=== Section Start ===

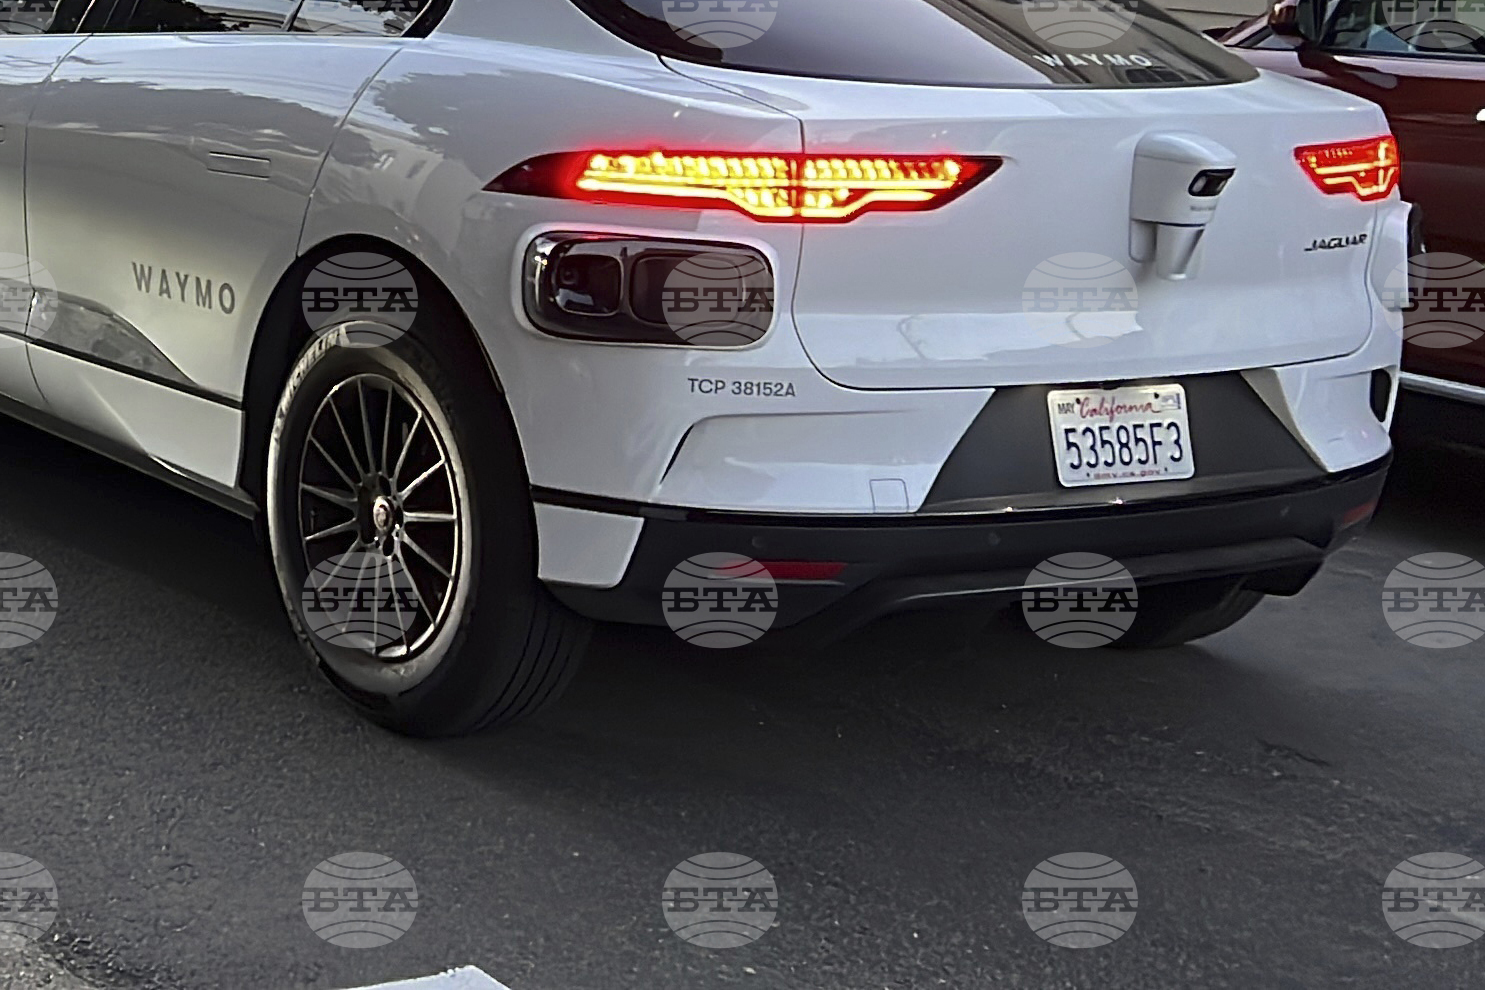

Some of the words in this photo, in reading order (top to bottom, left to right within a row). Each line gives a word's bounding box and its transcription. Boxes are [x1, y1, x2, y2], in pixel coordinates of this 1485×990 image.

[1032, 53, 1153, 67] WAYMO
[1303, 234, 1368, 251] JAGUAR
[131, 261, 236, 315] WAYMO
[687, 378, 726, 394] TCP
[731, 381, 796, 397] 38152A
[1057, 402, 1075, 414] MAY
[1079, 396, 1163, 422] California
[1064, 421, 1183, 469] 53585F3

=== Section End ===

Everything in the data above gets copied exactly. Only the pictures are skipped.

## Output of the task
Some of the words in this photo, in reading order (top to bottom, left to right within a row). Each line gives a word's bounding box and its transcription. Boxes are [x1, y1, x2, y2], in pixel coordinates of this 1485×990 image.

[1032, 53, 1153, 67] WAYMO
[1303, 234, 1368, 251] JAGUAR
[131, 261, 236, 315] WAYMO
[687, 378, 726, 394] TCP
[731, 381, 796, 397] 38152A
[1057, 402, 1075, 414] MAY
[1079, 396, 1163, 422] California
[1064, 421, 1183, 469] 53585F3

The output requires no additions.